Task details: Go to the line that contains "this 1600×1066 image." in the listing below, then output it and every line after it exactly, omitting pictures.

Material provided:
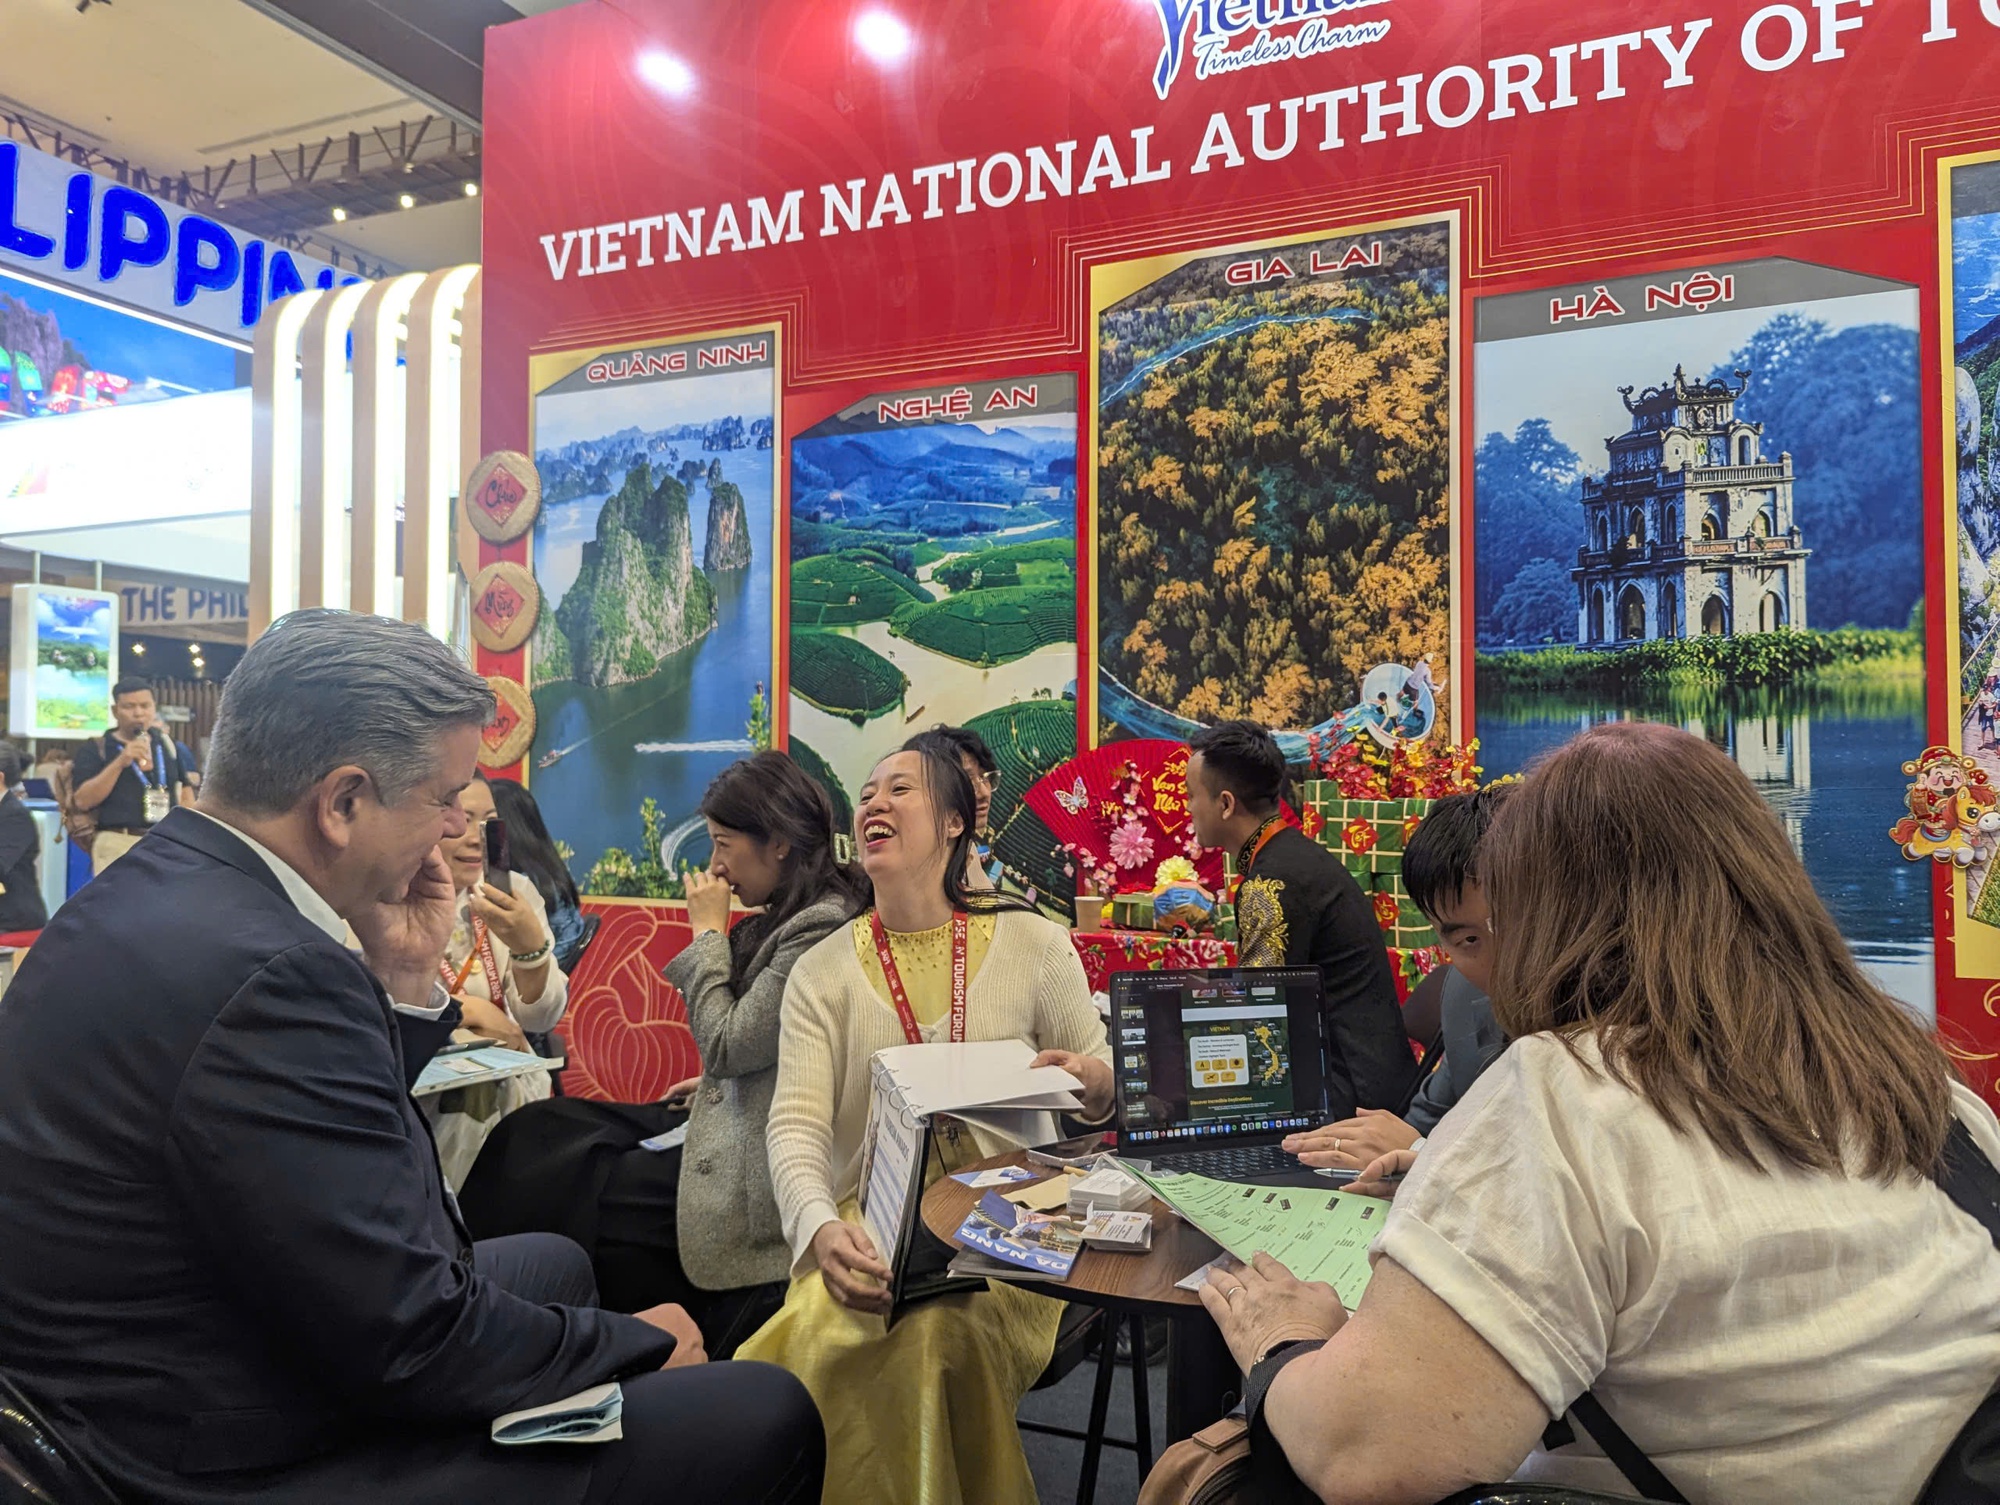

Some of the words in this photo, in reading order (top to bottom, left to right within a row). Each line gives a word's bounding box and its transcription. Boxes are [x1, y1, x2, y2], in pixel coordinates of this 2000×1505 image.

[1197, 33, 1293, 76] Timeless
[1298, 22, 1388, 55] Charm
[540, 190, 804, 281] VIETNAM
[820, 126, 1171, 237] NATIONAL
[1190, 18, 1712, 174] AUTHORITY
[1740, 0, 1873, 71] OF
[1225, 256, 1295, 286] GIA
[1310, 241, 1382, 275] LAI
[1550, 285, 1625, 324] HÀ
[1645, 271, 1734, 312] NỘI
[587, 350, 687, 383] QUẢNG
[698, 340, 767, 368] NINH
[879, 387, 972, 423] NGHỆ
[984, 384, 1038, 412] AN
[121, 586, 176, 621] THE
[483, 951, 498, 980] FORUM
[953, 956, 965, 1006] TOURISM
[960, 1227, 1027, 1261] NANG
[1034, 1256, 1069, 1271] DA
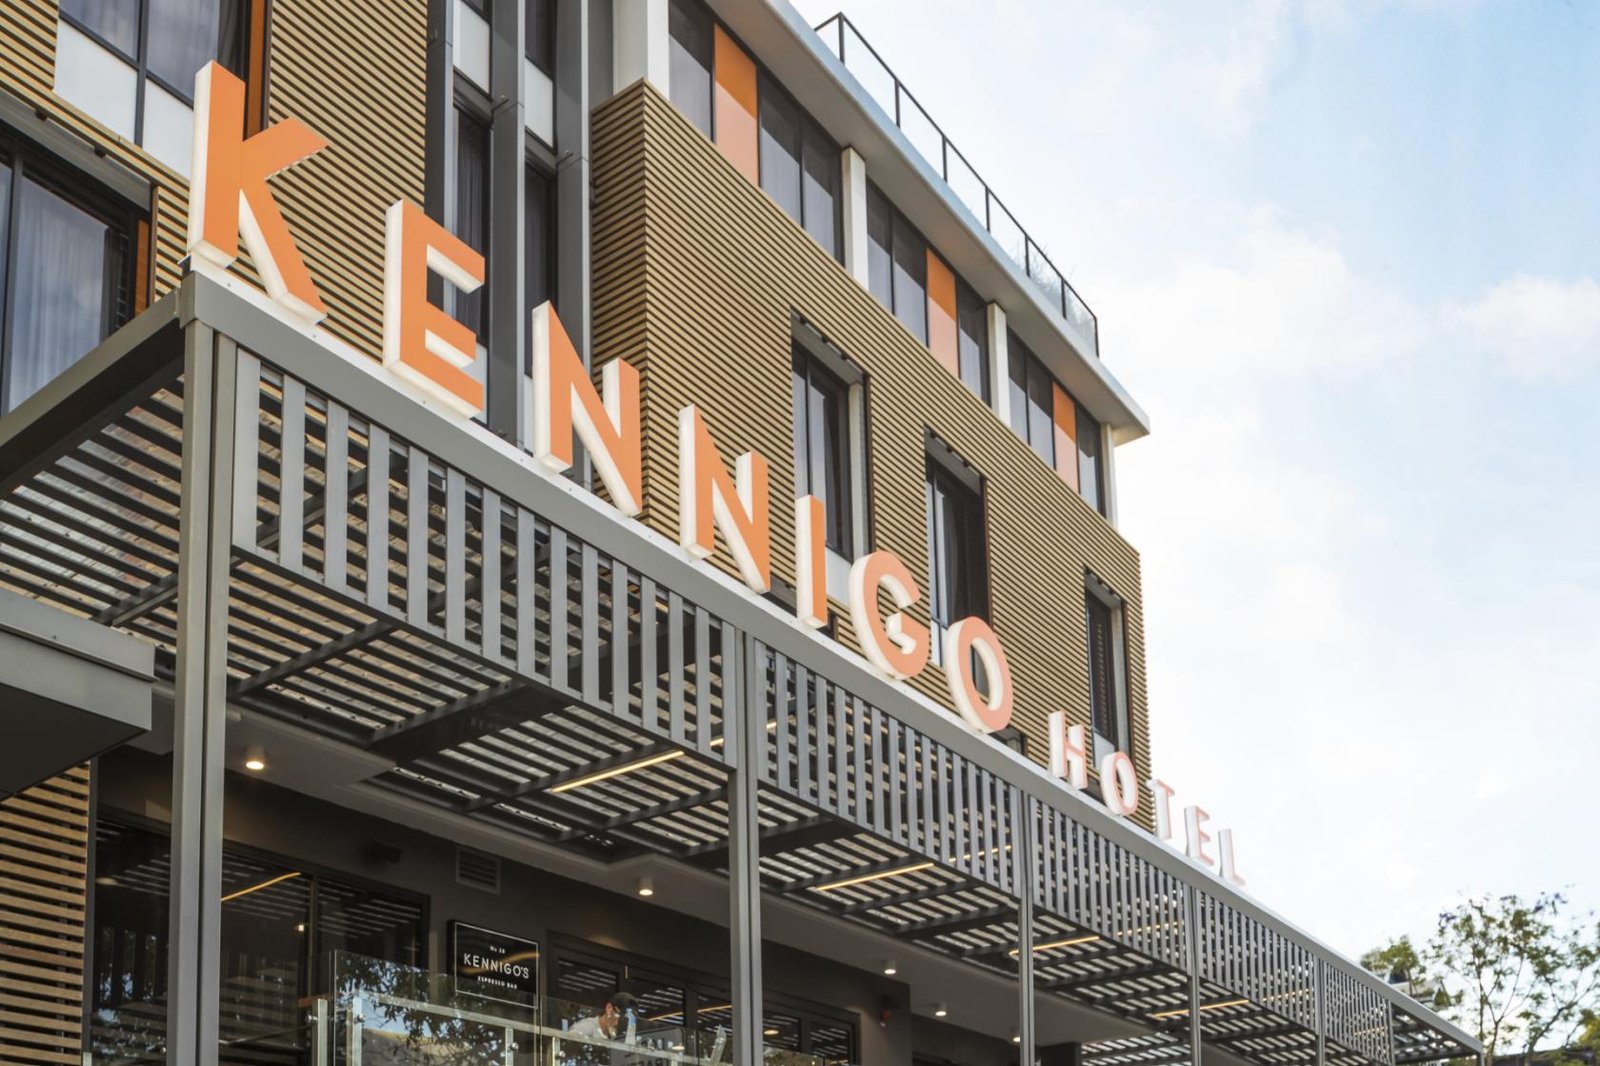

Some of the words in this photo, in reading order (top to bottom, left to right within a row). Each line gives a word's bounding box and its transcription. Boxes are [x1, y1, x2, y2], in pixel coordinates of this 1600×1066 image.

[187, 60, 1013, 734] KENNIGO
[1048, 710, 1245, 886] HOTEL
[463, 953, 529, 979] KENNIGO'S
[477, 976, 505, 987] ESPRESSO
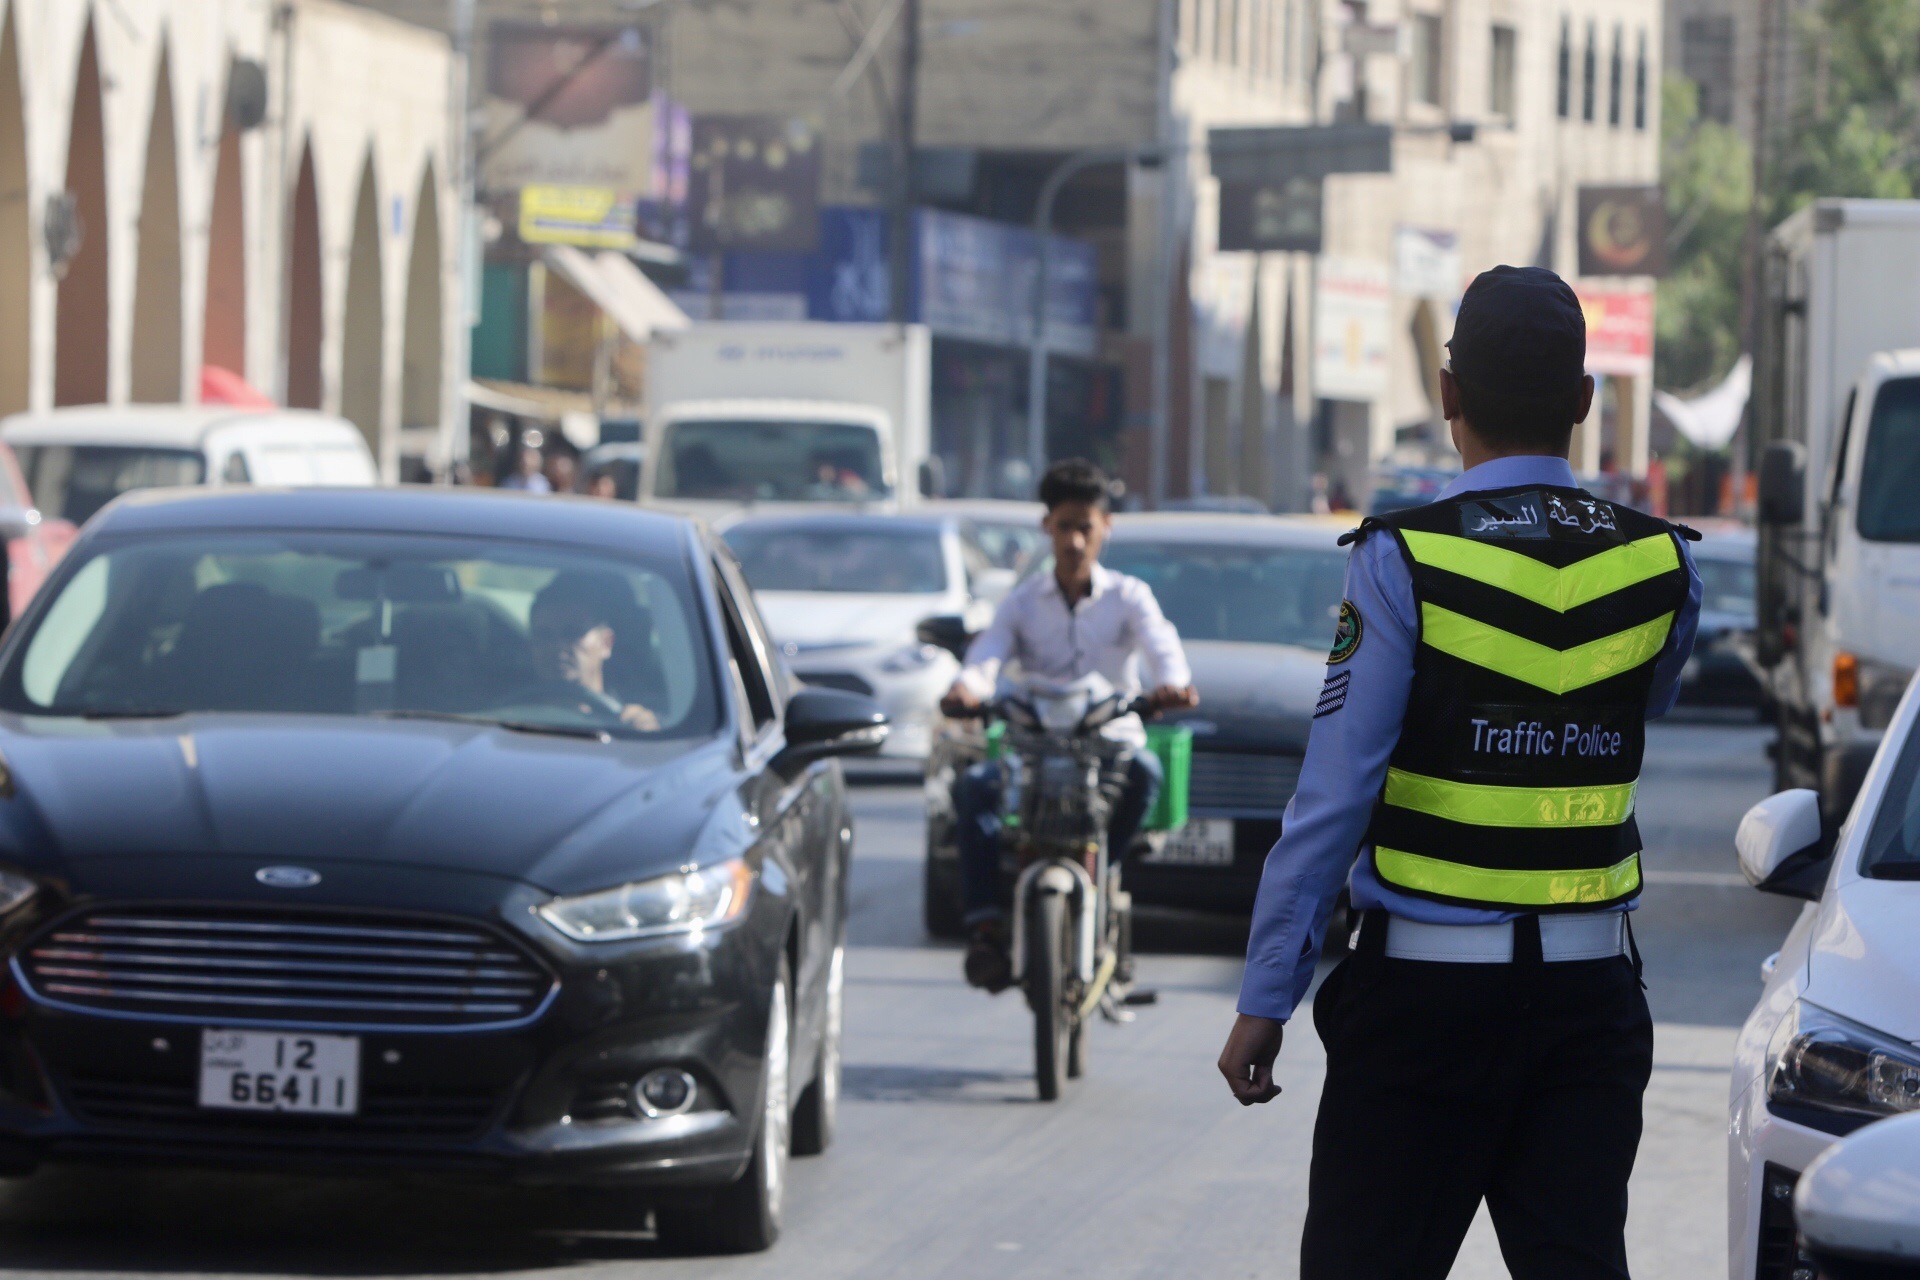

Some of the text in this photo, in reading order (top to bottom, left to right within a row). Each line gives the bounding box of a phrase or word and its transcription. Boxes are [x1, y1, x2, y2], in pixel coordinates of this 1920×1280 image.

[1471, 494, 1617, 534] شرطة السير
[1471, 718, 1622, 757] Traffic Police
[275, 1038, 316, 1071] 12
[230, 1071, 346, 1107] 66411

Answer to the exercise:
Some of the words in this photo, in reading order (top to bottom, left to right within a row). Each line gives a word's bounding box and its transcription. Boxes are [x1, y1, x2, y2], in pixel coordinates of this 1600×1066 image.

[187, 60, 1013, 734] KENNIGO
[1048, 710, 1245, 886] HOTEL
[463, 953, 529, 979] KENNIGO'S
[477, 976, 505, 987] ESPRESSO

Some of the text in this photo, in reading order (top to bottom, left to right within a row). Each line gives the bounding box of a phrase or word and its transcription. Boxes are [x1, y1, x2, y2], in pixel coordinates of this 1920×1280 image.

[1471, 494, 1617, 534] شرطة السير
[1471, 718, 1622, 757] Traffic Police
[275, 1038, 316, 1071] 12
[230, 1071, 346, 1107] 66411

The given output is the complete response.